| First Author | Lefort CT | Year | 2012 |
| Journal | Blood | Volume | 119 |
| Issue | 18 | Pages | 4275-82 |
| PubMed ID | 22431571 | Mgi Jnum | J:185175 |
| Mgi Id | MGI:5427560 | Doi | 10.1182/blood-2011-08-373118 |
| Citation | Lefort CT, et al. (2012) Distinct roles for talin-1 and kindlin-3 in LFA-1 extension and affinity regulation. Blood 119(18):4275-82 |
| abstractText | In inflammation, neutrophils and other leukocytes roll along the microvascular endothelium before arresting and transmigrating into inflamed tissues. Arrest requires conformational activation of the integrin lymphocyte function-associated antigen-1 (LFA-1). Mutations of the FERMT3 gene encoding kindlin-3 underlie the human immune deficiency known as leukocyte adhesion deficiency-III. Both kindlin-3 and talin-1, another FERM domain-containing cytoskeletal protein, are required for integrin activation, but their individual roles in the induction of specific integrin conformers are unclear.
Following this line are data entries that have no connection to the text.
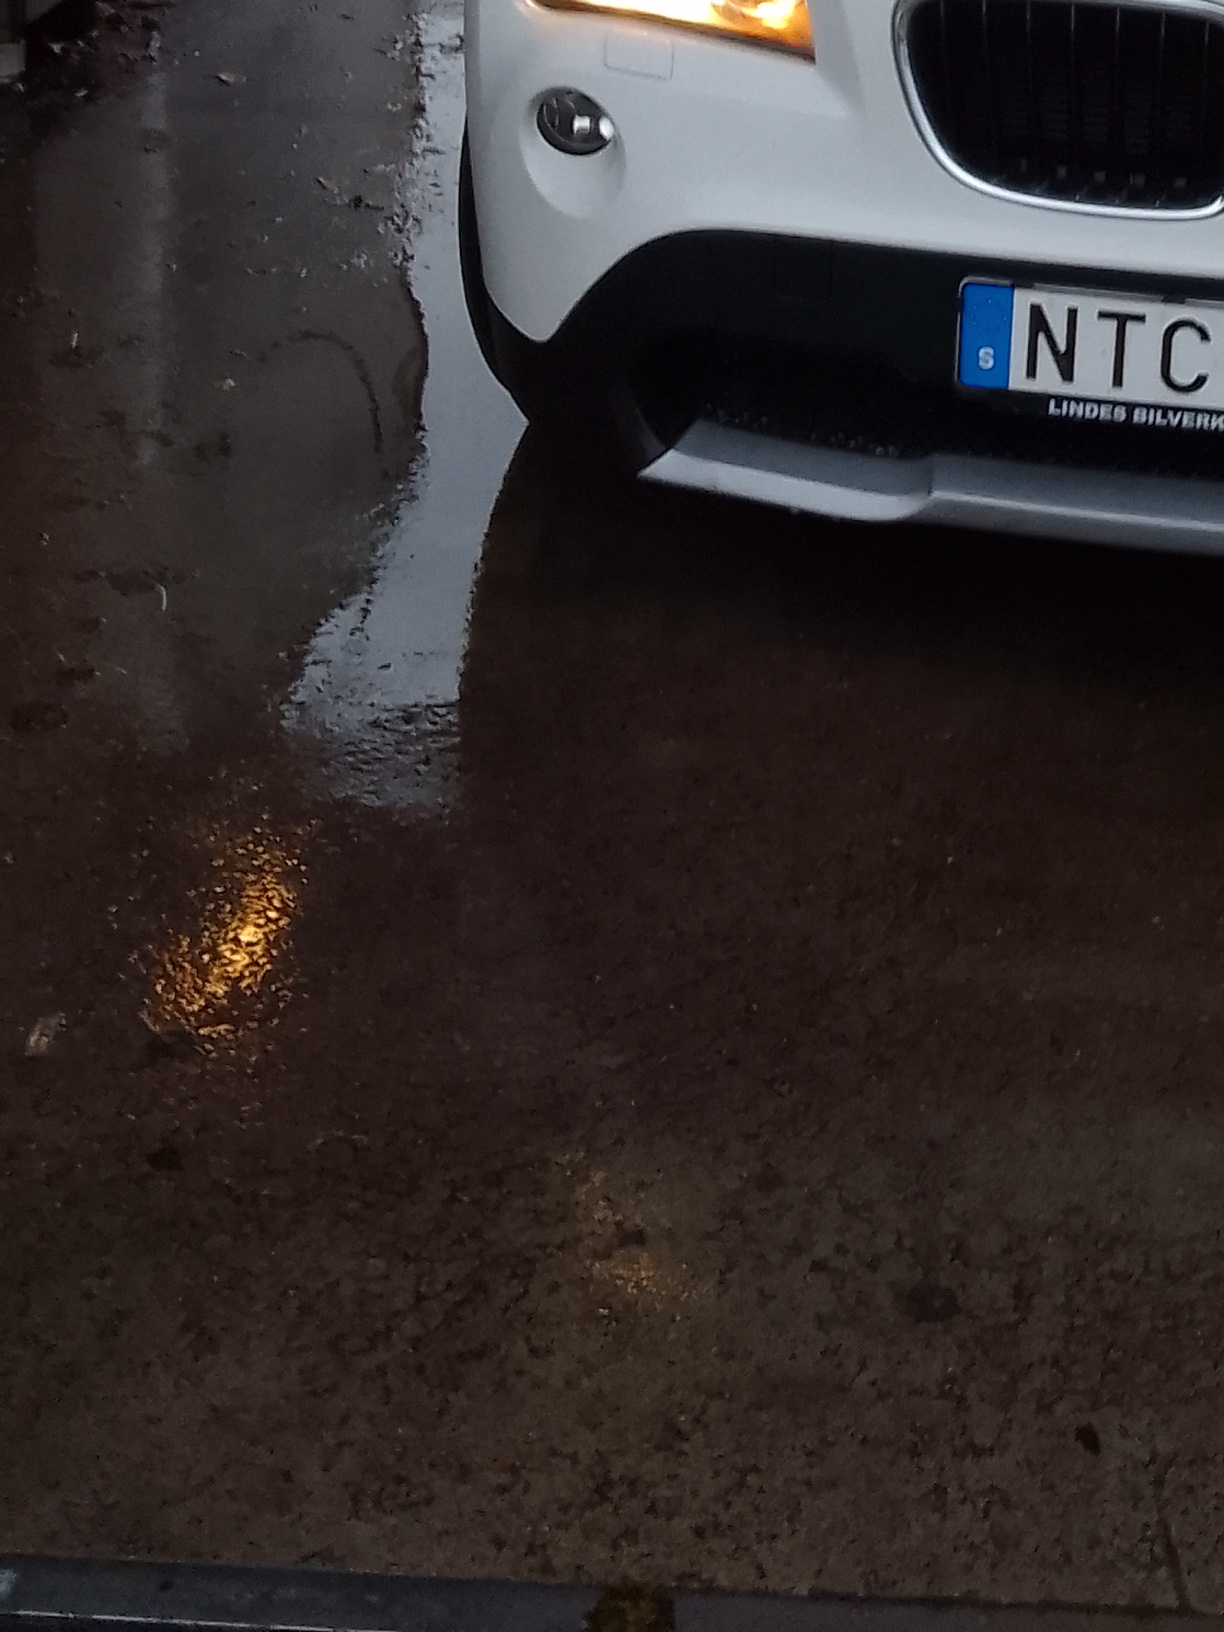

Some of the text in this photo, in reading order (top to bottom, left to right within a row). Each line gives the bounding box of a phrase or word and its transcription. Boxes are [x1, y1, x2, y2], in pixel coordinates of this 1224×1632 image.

[978, 346, 995, 369] S
[1026, 302, 1212, 394] NTC
[1048, 398, 1127, 423] LINDES
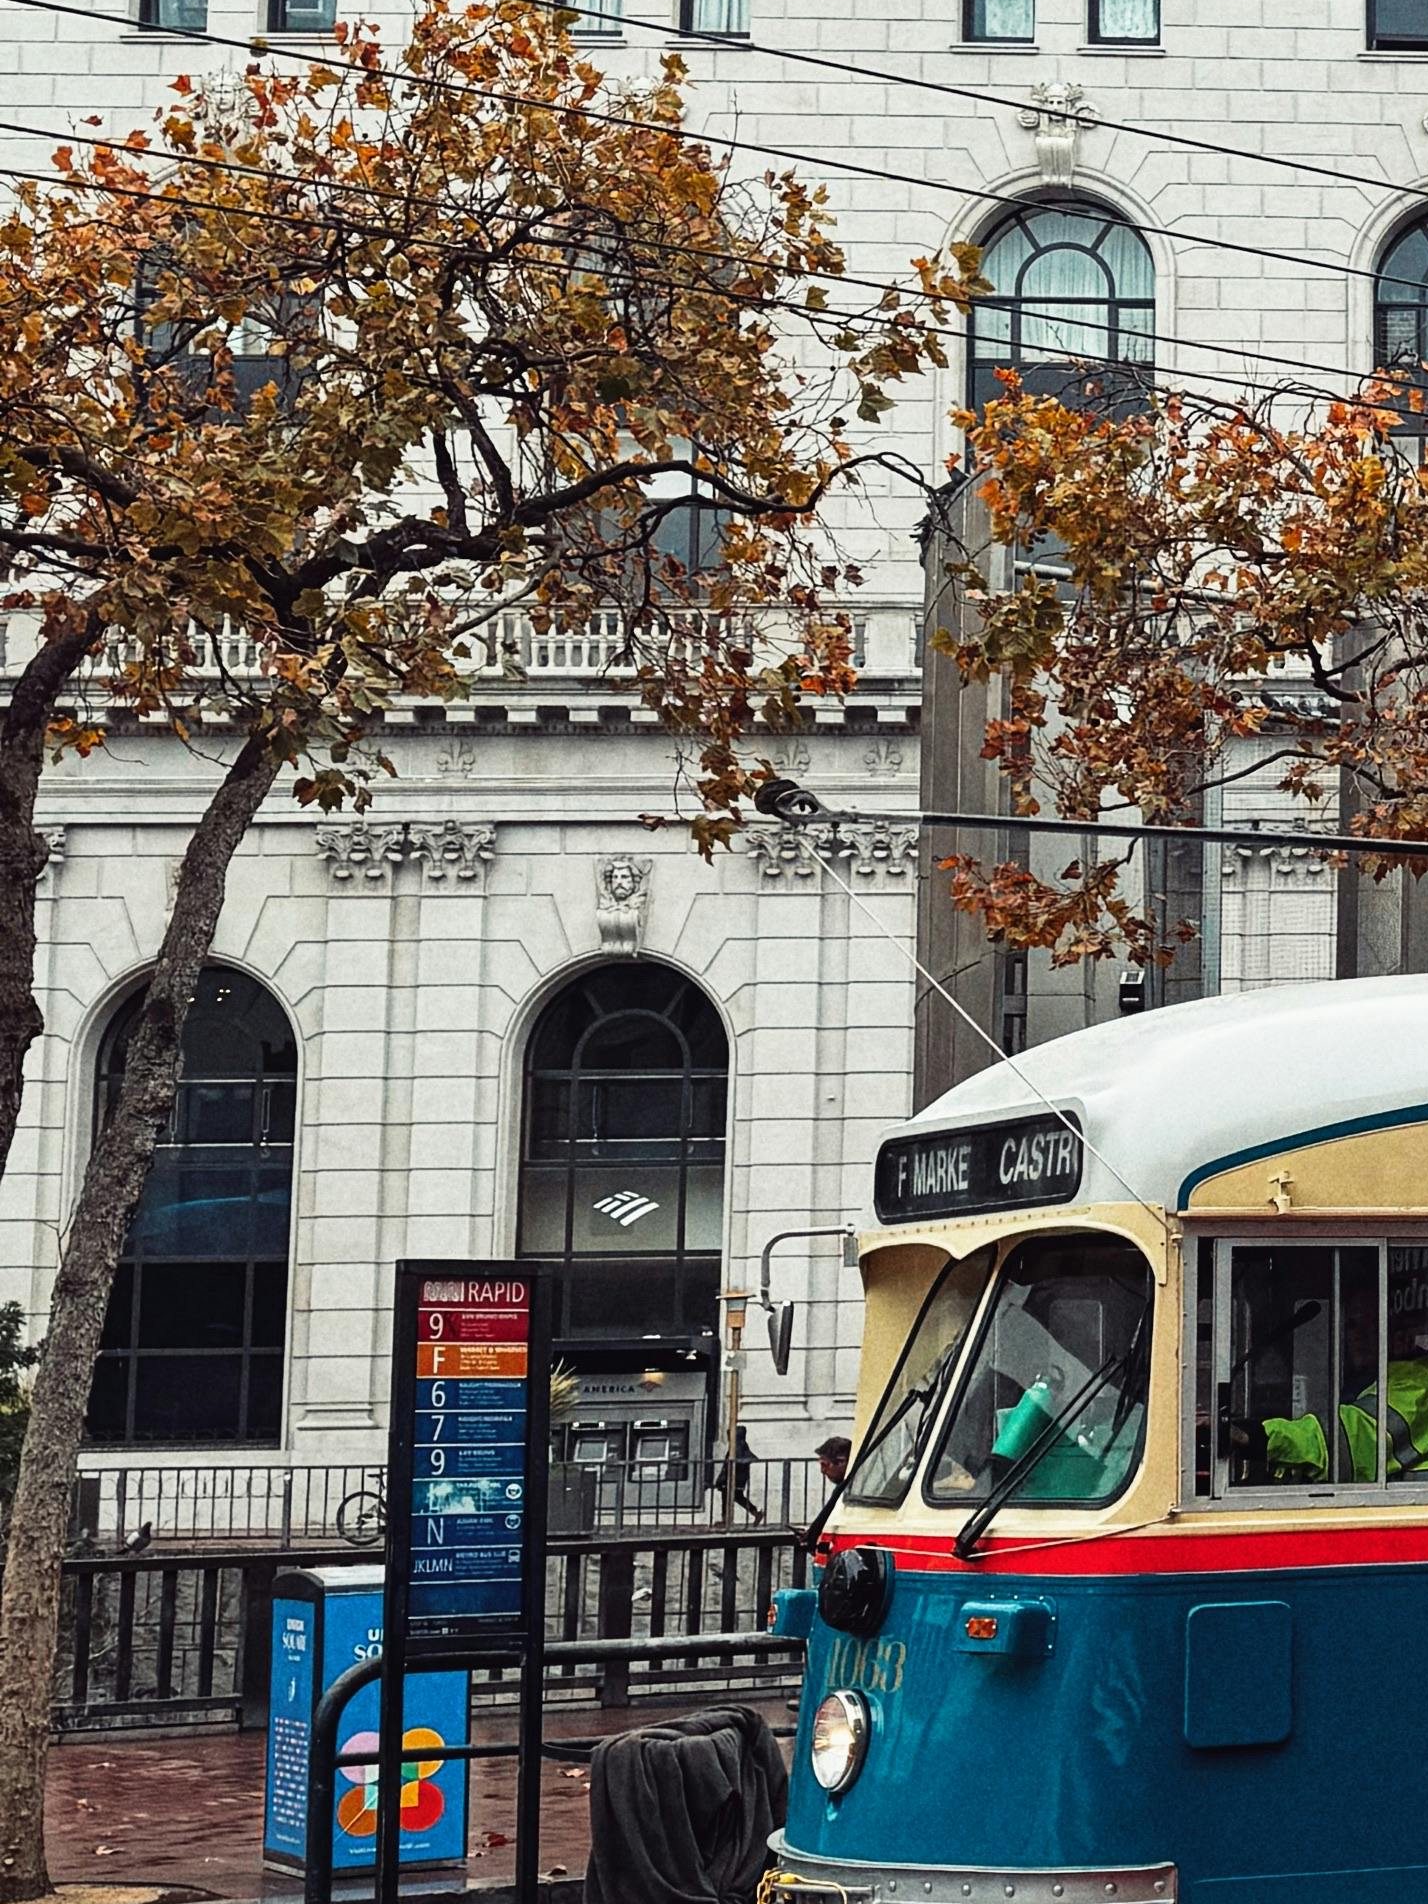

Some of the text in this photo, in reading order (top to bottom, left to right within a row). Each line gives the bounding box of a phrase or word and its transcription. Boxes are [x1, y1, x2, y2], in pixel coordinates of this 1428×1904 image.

[897, 1155, 908, 1198] F
[468, 1282, 525, 1303] RAPID
[433, 1347, 446, 1374] F
[431, 1381, 446, 1408] 6
[583, 1384, 635, 1394] AMERICA
[431, 1415, 445, 1442] 7
[430, 1449, 446, 1476] 9
[427, 1517, 444, 1545] N
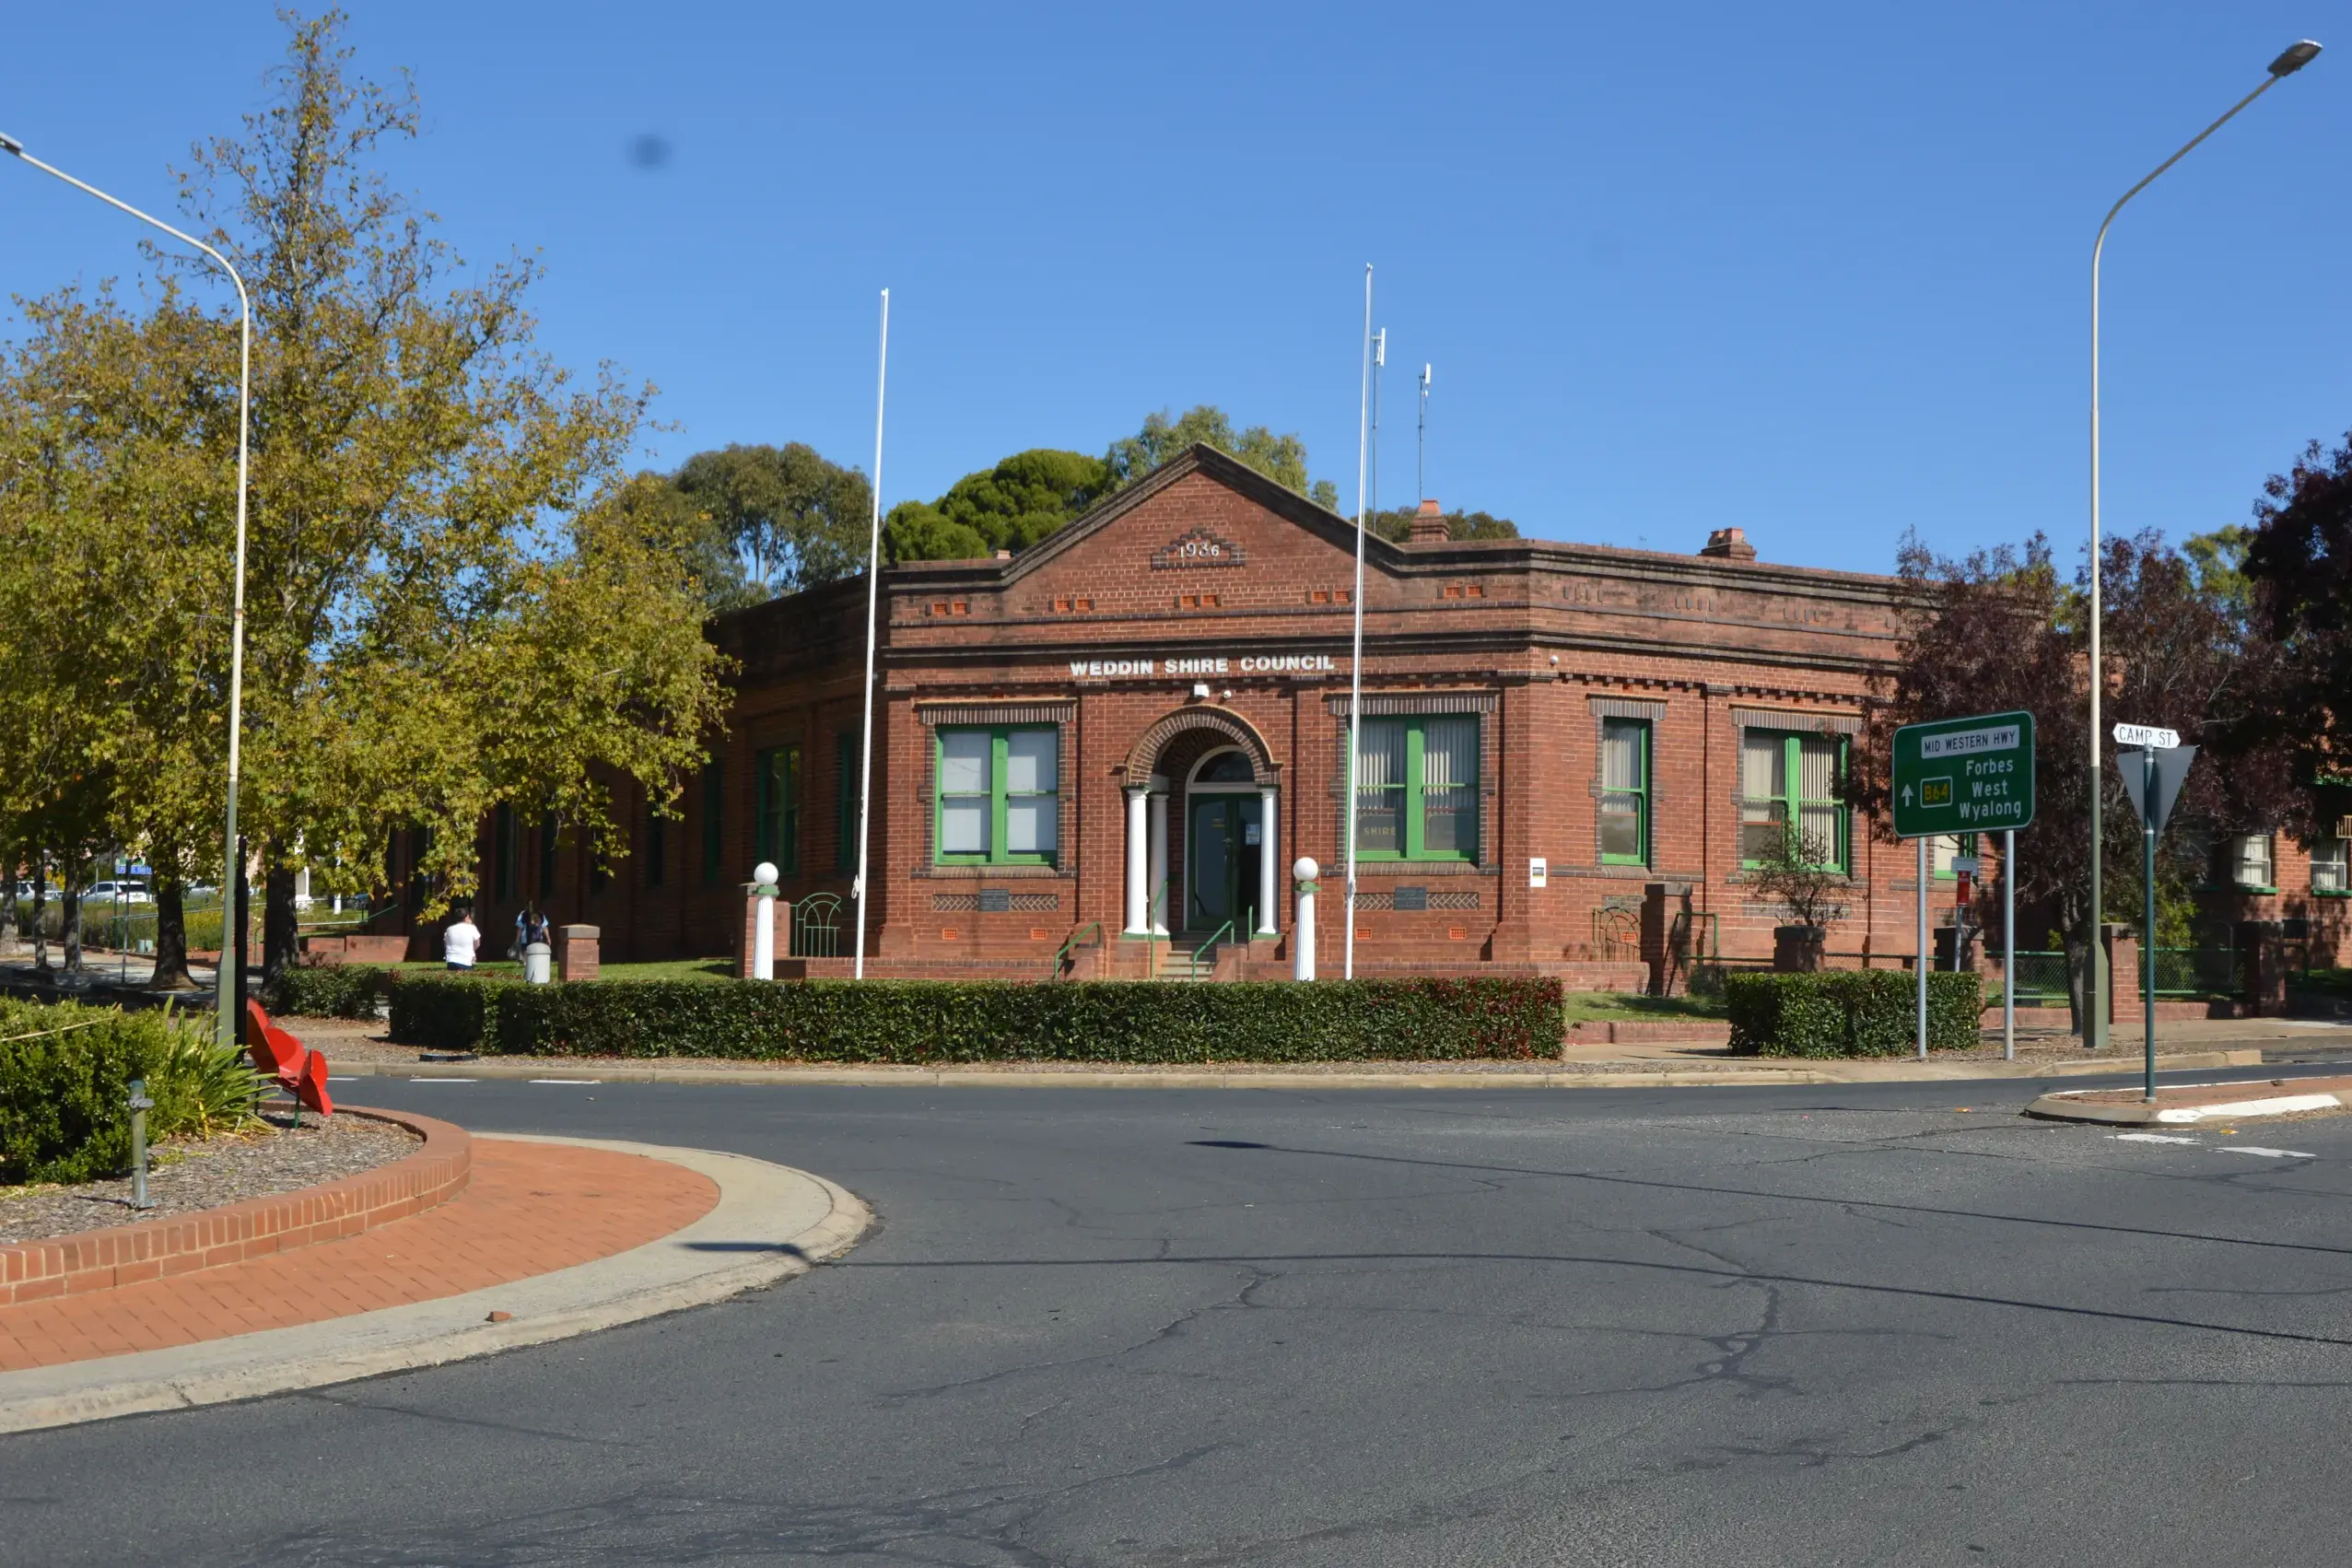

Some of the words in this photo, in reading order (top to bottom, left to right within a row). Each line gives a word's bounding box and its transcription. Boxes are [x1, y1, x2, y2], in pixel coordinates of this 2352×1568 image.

Here, we induce differential LFA-1 activation in neutrophils through engagement of the selectin ligand P-selectin glycoprotein ligand-1 or the chemokine receptor CXCR2. We find that talin-1 is required for inducing LFA-1 extension, which corresponds to intermediate affinity and induces neutrophil slow rolling, whereas both talin-1 and kindlin-3 are required for induction of the high-affinity conformation of LFA-1 with an open headpiece, which results in neutrophil arrest. In vivo, both slow rolling and arrest are defective in talin-1-deficient neutrophils, whereas only arrest is defective in kindlin-3-deficient neutrophils. We conclude that talin-1 and kindlin-3 serve distinct functions in LFA-1 activation. |